◆ **Stored dataset items**:
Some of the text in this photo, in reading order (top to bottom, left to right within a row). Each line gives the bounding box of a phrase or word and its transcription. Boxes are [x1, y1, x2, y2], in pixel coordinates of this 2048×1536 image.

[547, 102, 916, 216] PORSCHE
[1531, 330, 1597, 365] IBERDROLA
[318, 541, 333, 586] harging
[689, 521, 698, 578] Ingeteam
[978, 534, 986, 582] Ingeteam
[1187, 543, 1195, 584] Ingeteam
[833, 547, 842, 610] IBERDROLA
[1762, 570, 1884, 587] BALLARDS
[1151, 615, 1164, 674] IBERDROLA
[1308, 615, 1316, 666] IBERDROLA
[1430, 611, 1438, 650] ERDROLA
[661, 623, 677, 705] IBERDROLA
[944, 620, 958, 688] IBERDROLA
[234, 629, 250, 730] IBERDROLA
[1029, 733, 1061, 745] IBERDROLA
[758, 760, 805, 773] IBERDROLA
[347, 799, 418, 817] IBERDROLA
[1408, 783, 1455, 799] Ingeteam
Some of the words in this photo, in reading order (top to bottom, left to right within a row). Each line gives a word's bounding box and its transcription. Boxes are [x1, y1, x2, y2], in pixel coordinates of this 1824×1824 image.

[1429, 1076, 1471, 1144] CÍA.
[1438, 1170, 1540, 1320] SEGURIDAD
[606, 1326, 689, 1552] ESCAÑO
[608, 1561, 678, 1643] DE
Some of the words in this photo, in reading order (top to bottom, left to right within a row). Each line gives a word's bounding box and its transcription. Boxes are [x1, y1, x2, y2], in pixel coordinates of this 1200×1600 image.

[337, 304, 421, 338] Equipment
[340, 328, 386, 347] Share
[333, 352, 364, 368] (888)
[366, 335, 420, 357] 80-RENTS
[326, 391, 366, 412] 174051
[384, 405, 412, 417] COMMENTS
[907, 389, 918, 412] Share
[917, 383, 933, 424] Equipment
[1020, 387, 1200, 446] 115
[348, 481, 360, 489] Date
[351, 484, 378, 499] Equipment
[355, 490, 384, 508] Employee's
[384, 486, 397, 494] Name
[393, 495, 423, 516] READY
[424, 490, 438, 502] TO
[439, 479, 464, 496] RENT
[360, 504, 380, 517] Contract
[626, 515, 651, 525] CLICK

◆ **WORK INSTRUCTION**: All the entries above need to be repeated word for word.

◆ **ANSWER TO THIS PROBLEM**:
Some of the text in this photo, in reading order (top to bottom, left to right within a row). Each line gives the bounding box of a phrase or word and its transcription. Boxes are [x1, y1, x2, y2], in pixel coordinates of this 2048×1536 image.

[547, 102, 916, 216] PORSCHE
[1531, 330, 1597, 365] IBERDROLA
[318, 541, 333, 586] harging
[689, 521, 698, 578] Ingeteam
[978, 534, 986, 582] Ingeteam
[1187, 543, 1195, 584] Ingeteam
[833, 547, 842, 610] IBERDROLA
[1762, 570, 1884, 587] BALLARDS
[1151, 615, 1164, 674] IBERDROLA
[1308, 615, 1316, 666] IBERDROLA
[1430, 611, 1438, 650] ERDROLA
[661, 623, 677, 705] IBERDROLA
[944, 620, 958, 688] IBERDROLA
[234, 629, 250, 730] IBERDROLA
[1029, 733, 1061, 745] IBERDROLA
[758, 760, 805, 773] IBERDROLA
[347, 799, 418, 817] IBERDROLA
[1408, 783, 1455, 799] Ingeteam
Some of the words in this photo, in reading order (top to bottom, left to right within a row). Each line gives a word's bounding box and its transcription. Boxes are [x1, y1, x2, y2], in pixel coordinates of this 1824×1824 image.

[1429, 1076, 1471, 1144] CÍA.
[1438, 1170, 1540, 1320] SEGURIDAD
[606, 1326, 689, 1552] ESCAÑO
[608, 1561, 678, 1643] DE
Some of the words in this photo, in reading order (top to bottom, left to right within a row). Each line gives a word's bounding box and its transcription. Boxes are [x1, y1, x2, y2], in pixel coordinates of this 1200×1600 image.

[337, 304, 421, 338] Equipment
[340, 328, 386, 347] Share
[333, 352, 364, 368] (888)
[366, 335, 420, 357] 80-RENTS
[326, 391, 366, 412] 174051
[384, 405, 412, 417] COMMENTS
[907, 389, 918, 412] Share
[917, 383, 933, 424] Equipment
[1020, 387, 1200, 446] 115
[348, 481, 360, 489] Date
[351, 484, 378, 499] Equipment
[355, 490, 384, 508] Employee's
[384, 486, 397, 494] Name
[393, 495, 423, 516] READY
[424, 490, 438, 502] TO
[439, 479, 464, 496] RENT
[360, 504, 380, 517] Contract
[626, 515, 651, 525] CLICK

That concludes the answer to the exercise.